2.Install dependencies

npm install @alchemystai/sdk @google/generative-ai dotenv

3.Add the code

import AlchemystAI from '@alchemystai/sdk';
import * as readline from 'readline';
import 'dotenv/config';
import { GoogleGenerativeAI } from "@google/generative-ai";

const client = new AlchemystAI({
  apiKey: process.env.ALCHEMYST_AI_API_KEY || '',
});

const genAI = new GoogleGenerativeAI(process.env.GEMINI_API_KEY || '');
const model = genAI.getGenerativeModel({ model: "gemini-2.0-flash" });

const rl = readline.createInterface({
  input: process.stdin,
  output: process.stdout,
});

const askQuestion = (prompt: string): Promise<string> => {
  return new Promise((resolve) => {
    rl.question(prompt, (answer) => resolve(answer));
  });
};

async function runCLI() {
  console.log('Alchemyst AI CLI Tool');
  console.log('Type your questions and get AI-powered answers with context!');
  console.log('Type "exit", "quit", or "bye" to stop.\n');

  if (!process.env.ALCHEMYST_AI_API_KEY || !process.env.GEMINI_API_KEY) {
    console.error('Missing required environment variables.');
    process.exit(1);
  }

  while (true) {
    const userQuestion = await askQuestion('Ask me anything: ');

    if (['exit', 'quit', 'bye', 'stop'].includes(userQuestion.toLowerCase().trim())) {
      console.log('Goodbye!');
      break;
    }

    if (!userQuestion.trim()) {
      console.log(' Please enter a question.\n');
      continue;
    }

    console.log('Searching for relevant context...');

    const { contexts } = await client.v1.context.search({
      query: userQuestion,
      similarity_threshold: 0.8,
      minimum_similarity_threshold: 0.5,
      scope: 'internal',
    });

    let promptText = userQuestion;

    if (contexts && contexts.length > 0) {
      const formattedContexts = contexts
        .map((c, i) => `Context ${i + 1}: ${c.content}`)
        .join('\n\n');

      promptText = `
Based on the following context, answer the question.
If the context is insufficient, say so clearly.

Contexts:
${formattedContexts}

Question: ${userQuestion}
`;
    }

    console.log('Generating response...');
    const result = await model.generateContent(promptText);
    console.log(result.response.text());
    console.log('\n' + '─'.repeat(50) + '\n');
  }

  rl.close();
}

runCLI();

4. Run the code

node index.js

Build Beyond the CLI

You’ve built a foundational context-aware agent, but this is just the beginning.

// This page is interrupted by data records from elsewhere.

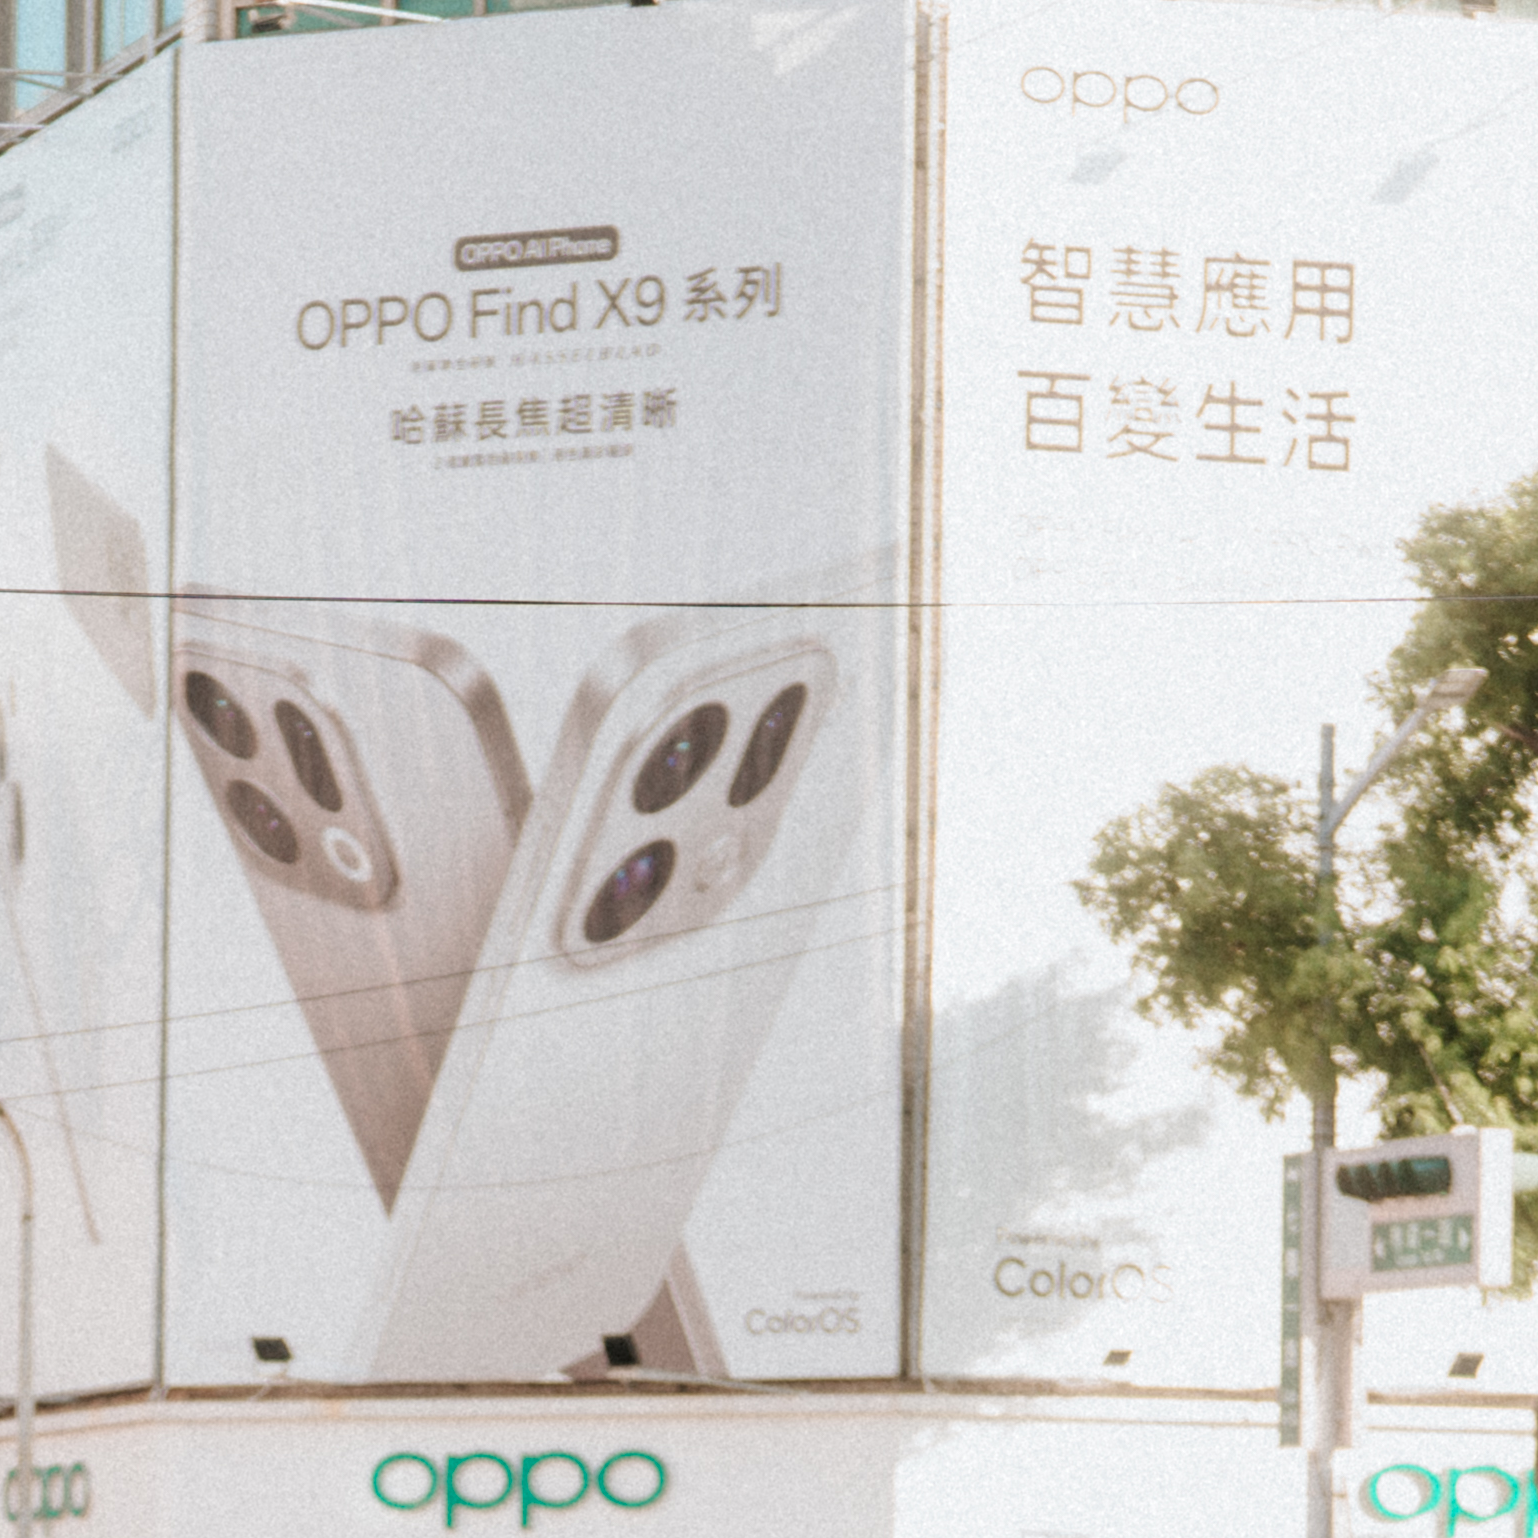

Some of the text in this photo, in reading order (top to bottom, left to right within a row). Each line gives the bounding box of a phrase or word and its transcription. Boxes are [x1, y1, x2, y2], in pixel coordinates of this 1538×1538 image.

[1021, 66, 1220, 124] oppo
[460, 236, 613, 264] OPPO AI Phone
[297, 262, 783, 351] OPPO Find X9 系列
[1019, 238, 1355, 344] 智慧應用
[392, 387, 677, 445] 哈蘇長焦超清晰
[1017, 370, 1357, 471] 百變生活
[993, 1256, 1176, 1303] ColorOS
[744, 1306, 862, 1336] ColorOS
[372, 1451, 667, 1529] oppo

The Alchemyst AI platform is designed to be the “brain” of your larger systems. From here, you can extend this pattern to: Persistent Memory: Enable long-term recall by saving user preferences in dedicated namespaces. Knowledge Ingestion: Connect your agent to PDFs, GitHub repos, or Slack history for deep domain expertise. Serverless Agents: Wrap this logic in a FastAPI or Next.js route to power a web-based AI microservice.